Text-to-region grounding data:
- - - - - - -

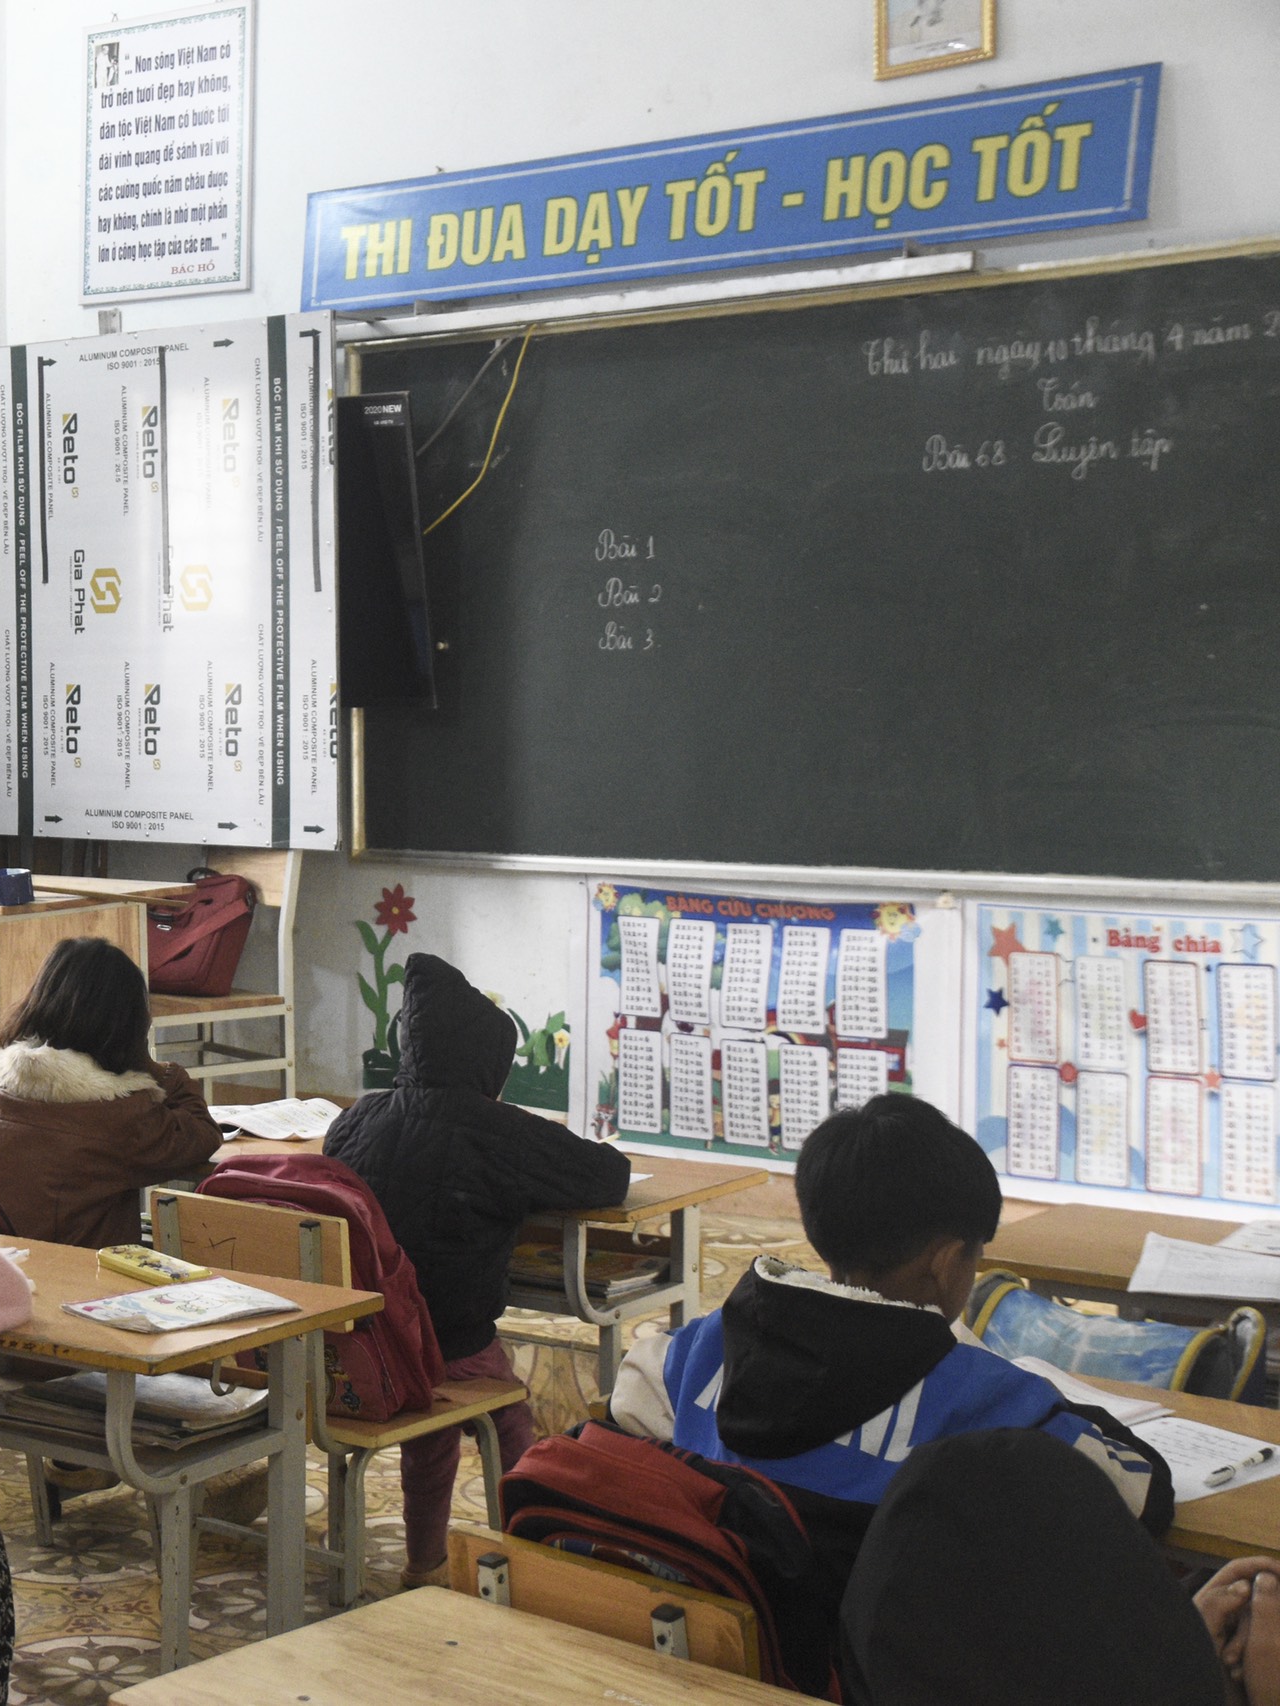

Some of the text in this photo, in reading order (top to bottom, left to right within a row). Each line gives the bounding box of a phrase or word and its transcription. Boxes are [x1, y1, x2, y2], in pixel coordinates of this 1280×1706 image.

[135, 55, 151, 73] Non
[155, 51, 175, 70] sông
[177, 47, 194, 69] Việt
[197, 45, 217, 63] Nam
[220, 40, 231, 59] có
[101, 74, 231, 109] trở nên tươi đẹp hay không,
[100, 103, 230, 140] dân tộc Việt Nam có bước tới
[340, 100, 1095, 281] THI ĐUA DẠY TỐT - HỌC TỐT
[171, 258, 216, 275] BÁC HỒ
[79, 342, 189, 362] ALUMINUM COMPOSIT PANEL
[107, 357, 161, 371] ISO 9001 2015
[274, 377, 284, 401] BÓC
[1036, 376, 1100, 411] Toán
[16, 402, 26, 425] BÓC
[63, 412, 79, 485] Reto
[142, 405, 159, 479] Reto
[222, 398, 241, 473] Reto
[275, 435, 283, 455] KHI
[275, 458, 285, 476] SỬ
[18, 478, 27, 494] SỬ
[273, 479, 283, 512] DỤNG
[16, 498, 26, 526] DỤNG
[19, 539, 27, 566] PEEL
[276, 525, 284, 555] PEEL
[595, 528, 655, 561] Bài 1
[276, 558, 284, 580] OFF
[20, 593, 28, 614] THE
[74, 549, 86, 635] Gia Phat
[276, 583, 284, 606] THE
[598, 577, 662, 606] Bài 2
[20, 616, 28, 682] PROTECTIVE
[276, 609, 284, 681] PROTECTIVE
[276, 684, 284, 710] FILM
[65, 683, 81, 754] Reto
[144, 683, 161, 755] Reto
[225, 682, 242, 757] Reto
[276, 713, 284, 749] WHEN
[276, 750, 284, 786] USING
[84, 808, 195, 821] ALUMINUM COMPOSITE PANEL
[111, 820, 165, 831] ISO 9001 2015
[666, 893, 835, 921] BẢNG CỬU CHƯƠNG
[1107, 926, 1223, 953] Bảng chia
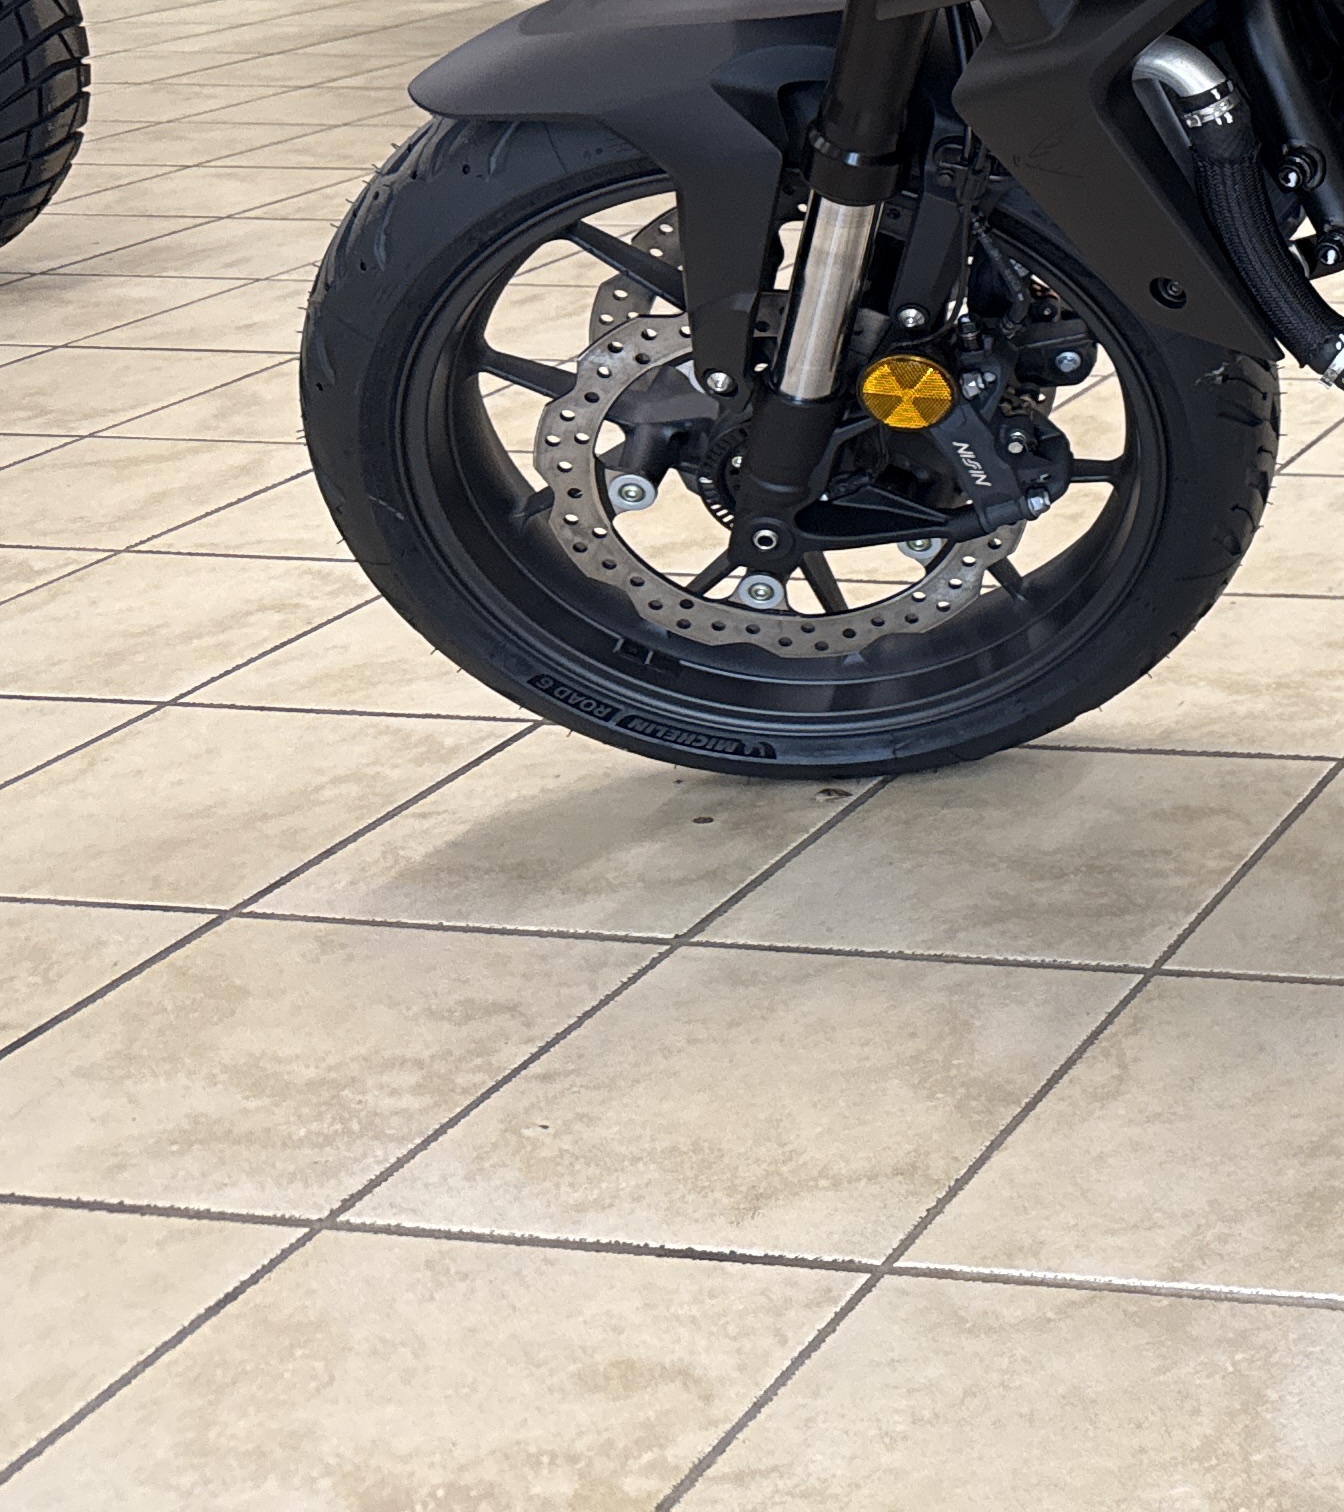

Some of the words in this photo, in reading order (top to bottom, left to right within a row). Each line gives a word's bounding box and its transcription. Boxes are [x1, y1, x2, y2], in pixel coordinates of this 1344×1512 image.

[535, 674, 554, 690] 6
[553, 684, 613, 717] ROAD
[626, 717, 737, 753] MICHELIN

- - - - - - -

Without the images, print all of the lines above exactly.

* **EXERCISE RESPONSE**:
Some of the text in this photo, in reading order (top to bottom, left to right within a row). Each line gives the bounding box of a phrase or word and its transcription. Boxes are [x1, y1, x2, y2], in pixel coordinates of this 1280×1706 image.

[135, 55, 151, 73] Non
[155, 51, 175, 70] sông
[177, 47, 194, 69] Việt
[197, 45, 217, 63] Nam
[220, 40, 231, 59] có
[101, 74, 231, 109] trở nên tươi đẹp hay không,
[100, 103, 230, 140] dân tộc Việt Nam có bước tới
[340, 100, 1095, 281] THI ĐUA DẠY TỐT - HỌC TỐT
[171, 258, 216, 275] BÁC HỒ
[79, 342, 189, 362] ALUMINUM COMPOSIT PANEL
[107, 357, 161, 371] ISO 9001 2015
[274, 377, 284, 401] BÓC
[1036, 376, 1100, 411] Toán
[16, 402, 26, 425] BÓC
[63, 412, 79, 485] Reto
[142, 405, 159, 479] Reto
[222, 398, 241, 473] Reto
[275, 435, 283, 455] KHI
[275, 458, 285, 476] SỬ
[18, 478, 27, 494] SỬ
[273, 479, 283, 512] DỤNG
[16, 498, 26, 526] DỤNG
[19, 539, 27, 566] PEEL
[276, 525, 284, 555] PEEL
[595, 528, 655, 561] Bài 1
[276, 558, 284, 580] OFF
[20, 593, 28, 614] THE
[74, 549, 86, 635] Gia Phat
[276, 583, 284, 606] THE
[598, 577, 662, 606] Bài 2
[20, 616, 28, 682] PROTECTIVE
[276, 609, 284, 681] PROTECTIVE
[276, 684, 284, 710] FILM
[65, 683, 81, 754] Reto
[144, 683, 161, 755] Reto
[225, 682, 242, 757] Reto
[276, 713, 284, 749] WHEN
[276, 750, 284, 786] USING
[84, 808, 195, 821] ALUMINUM COMPOSITE PANEL
[111, 820, 165, 831] ISO 9001 2015
[666, 893, 835, 921] BẢNG CỬU CHƯƠNG
[1107, 926, 1223, 953] Bảng chia

Some of the words in this photo, in reading order (top to bottom, left to right within a row). Each line gives a word's bounding box and its transcription. Boxes are [x1, y1, x2, y2], in pixel coordinates of this 1344×1512 image.

[535, 674, 554, 690] 6
[553, 684, 613, 717] ROAD
[626, 717, 737, 753] MICHELIN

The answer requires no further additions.